# What to do
The only acceptable output is every entry, printed exactly.
──────── Exercise inputs
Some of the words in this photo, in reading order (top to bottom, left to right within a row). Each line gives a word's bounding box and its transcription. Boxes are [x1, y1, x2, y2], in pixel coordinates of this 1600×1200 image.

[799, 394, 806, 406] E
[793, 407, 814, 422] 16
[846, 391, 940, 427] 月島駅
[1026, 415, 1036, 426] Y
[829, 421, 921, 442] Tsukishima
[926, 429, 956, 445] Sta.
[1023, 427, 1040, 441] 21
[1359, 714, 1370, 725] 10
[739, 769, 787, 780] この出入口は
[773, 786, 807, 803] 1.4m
────────────────
# Response
Some of the words in this photo, in reading order (top to bottom, left to right within a row). Each line gives a word's bounding box and its transcription. Boxes are [x1, y1, x2, y2], in pixel coordinates of this 1600×1200 image.

[799, 394, 806, 406] E
[793, 407, 814, 422] 16
[846, 391, 940, 427] 月島駅
[1026, 415, 1036, 426] Y
[829, 421, 921, 442] Tsukishima
[926, 429, 956, 445] Sta.
[1023, 427, 1040, 441] 21
[1359, 714, 1370, 725] 10
[739, 769, 787, 780] この出入口は
[773, 786, 807, 803] 1.4m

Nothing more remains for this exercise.